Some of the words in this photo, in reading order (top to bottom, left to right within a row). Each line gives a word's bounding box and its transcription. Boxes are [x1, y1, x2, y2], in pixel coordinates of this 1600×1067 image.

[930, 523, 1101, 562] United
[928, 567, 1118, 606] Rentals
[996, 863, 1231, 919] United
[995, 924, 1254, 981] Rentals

※

**Requirement:** Reproduce every single entry above exactly.

**Exercise response:**
Some of the words in this photo, in reading order (top to bottom, left to right within a row). Each line gives a word's bounding box and its transcription. Boxes are [x1, y1, x2, y2], in pixel coordinates of this 1600×1067 image.

[930, 523, 1101, 562] United
[928, 567, 1118, 606] Rentals
[996, 863, 1231, 919] United
[995, 924, 1254, 981] Rentals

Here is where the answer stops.